**PROBLEM**
When you retype the data, keep every line exactly as it appears.
*** MATERIAL SUPPLIED Section Begins ***
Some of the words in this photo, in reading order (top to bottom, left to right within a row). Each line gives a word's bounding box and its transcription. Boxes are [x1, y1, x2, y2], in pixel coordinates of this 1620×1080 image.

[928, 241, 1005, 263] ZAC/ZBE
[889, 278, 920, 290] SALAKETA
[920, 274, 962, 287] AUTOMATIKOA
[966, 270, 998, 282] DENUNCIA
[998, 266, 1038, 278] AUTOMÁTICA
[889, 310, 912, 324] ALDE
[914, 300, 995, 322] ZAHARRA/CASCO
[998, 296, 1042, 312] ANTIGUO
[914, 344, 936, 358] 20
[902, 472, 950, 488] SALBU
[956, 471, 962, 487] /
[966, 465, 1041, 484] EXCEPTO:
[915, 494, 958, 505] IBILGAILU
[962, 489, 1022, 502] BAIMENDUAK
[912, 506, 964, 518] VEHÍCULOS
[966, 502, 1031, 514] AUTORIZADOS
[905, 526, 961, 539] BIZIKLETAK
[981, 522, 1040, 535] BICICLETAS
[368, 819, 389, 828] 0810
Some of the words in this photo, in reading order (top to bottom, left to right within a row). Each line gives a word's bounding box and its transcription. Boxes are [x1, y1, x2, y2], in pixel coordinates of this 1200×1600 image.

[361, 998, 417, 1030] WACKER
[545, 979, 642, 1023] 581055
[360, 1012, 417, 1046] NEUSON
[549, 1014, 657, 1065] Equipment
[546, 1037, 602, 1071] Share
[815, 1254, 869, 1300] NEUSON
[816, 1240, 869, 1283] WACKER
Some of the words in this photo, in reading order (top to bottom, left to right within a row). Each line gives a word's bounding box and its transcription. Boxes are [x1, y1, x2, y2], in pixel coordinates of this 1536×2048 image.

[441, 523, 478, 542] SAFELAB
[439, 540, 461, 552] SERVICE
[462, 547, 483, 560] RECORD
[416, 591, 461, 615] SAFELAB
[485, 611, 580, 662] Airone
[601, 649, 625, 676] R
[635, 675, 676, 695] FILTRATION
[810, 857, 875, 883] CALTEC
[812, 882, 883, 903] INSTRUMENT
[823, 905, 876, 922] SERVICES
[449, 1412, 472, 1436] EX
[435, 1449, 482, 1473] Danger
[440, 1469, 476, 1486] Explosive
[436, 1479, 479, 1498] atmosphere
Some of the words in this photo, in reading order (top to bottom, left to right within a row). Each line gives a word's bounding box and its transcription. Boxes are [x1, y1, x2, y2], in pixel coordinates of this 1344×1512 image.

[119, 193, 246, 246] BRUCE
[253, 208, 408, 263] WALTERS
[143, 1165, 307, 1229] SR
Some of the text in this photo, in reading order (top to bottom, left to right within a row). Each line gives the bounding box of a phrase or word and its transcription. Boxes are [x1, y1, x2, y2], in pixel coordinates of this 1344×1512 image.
*** MATERIAL SUPPLIED Section Ends ***
**WRITTEN SOLUTION**
Some of the words in this photo, in reading order (top to bottom, left to right within a row). Each line gives a word's bounding box and its transcription. Boxes are [x1, y1, x2, y2], in pixel coordinates of this 1620×1080 image.

[928, 241, 1005, 263] ZAC/ZBE
[889, 278, 920, 290] SALAKETA
[920, 274, 962, 287] AUTOMATIKOA
[966, 270, 998, 282] DENUNCIA
[998, 266, 1038, 278] AUTOMÁTICA
[889, 310, 912, 324] ALDE
[914, 300, 995, 322] ZAHARRA/CASCO
[998, 296, 1042, 312] ANTIGUO
[914, 344, 936, 358] 20
[902, 472, 950, 488] SALBU
[956, 471, 962, 487] /
[966, 465, 1041, 484] EXCEPTO:
[915, 494, 958, 505] IBILGAILU
[962, 489, 1022, 502] BAIMENDUAK
[912, 506, 964, 518] VEHÍCULOS
[966, 502, 1031, 514] AUTORIZADOS
[905, 526, 961, 539] BIZIKLETAK
[981, 522, 1040, 535] BICICLETAS
[368, 819, 389, 828] 0810
Some of the words in this photo, in reading order (top to bottom, left to right within a row). Each line gives a word's bounding box and its transcription. Boxes are [x1, y1, x2, y2], in pixel coordinates of this 1200×1600 image.

[361, 998, 417, 1030] WACKER
[545, 979, 642, 1023] 581055
[360, 1012, 417, 1046] NEUSON
[549, 1014, 657, 1065] Equipment
[546, 1037, 602, 1071] Share
[815, 1254, 869, 1300] NEUSON
[816, 1240, 869, 1283] WACKER
Some of the words in this photo, in reading order (top to bottom, left to right within a row). Each line gives a word's bounding box and its transcription. Boxes are [x1, y1, x2, y2], in pixel coordinates of this 1536×2048 image.

[441, 523, 478, 542] SAFELAB
[439, 540, 461, 552] SERVICE
[462, 547, 483, 560] RECORD
[416, 591, 461, 615] SAFELAB
[485, 611, 580, 662] Airone
[601, 649, 625, 676] R
[635, 675, 676, 695] FILTRATION
[810, 857, 875, 883] CALTEC
[812, 882, 883, 903] INSTRUMENT
[823, 905, 876, 922] SERVICES
[449, 1412, 472, 1436] EX
[435, 1449, 482, 1473] Danger
[440, 1469, 476, 1486] Explosive
[436, 1479, 479, 1498] atmosphere
Some of the words in this photo, in reading order (top to bottom, left to right within a row). Each line gives a word's bounding box and its transcription. Boxes are [x1, y1, x2, y2], in pixel coordinates of this 1344×1512 image.

[119, 193, 246, 246] BRUCE
[253, 208, 408, 263] WALTERS
[143, 1165, 307, 1229] SR
Some of the text in this photo, in reading order (top to bottom, left to right within a row). Each line gives the bounding box of a phrase or word and its transcription. Boxes are [x1, y1, x2, y2], in pixel coordinates of this 1344×1512 image.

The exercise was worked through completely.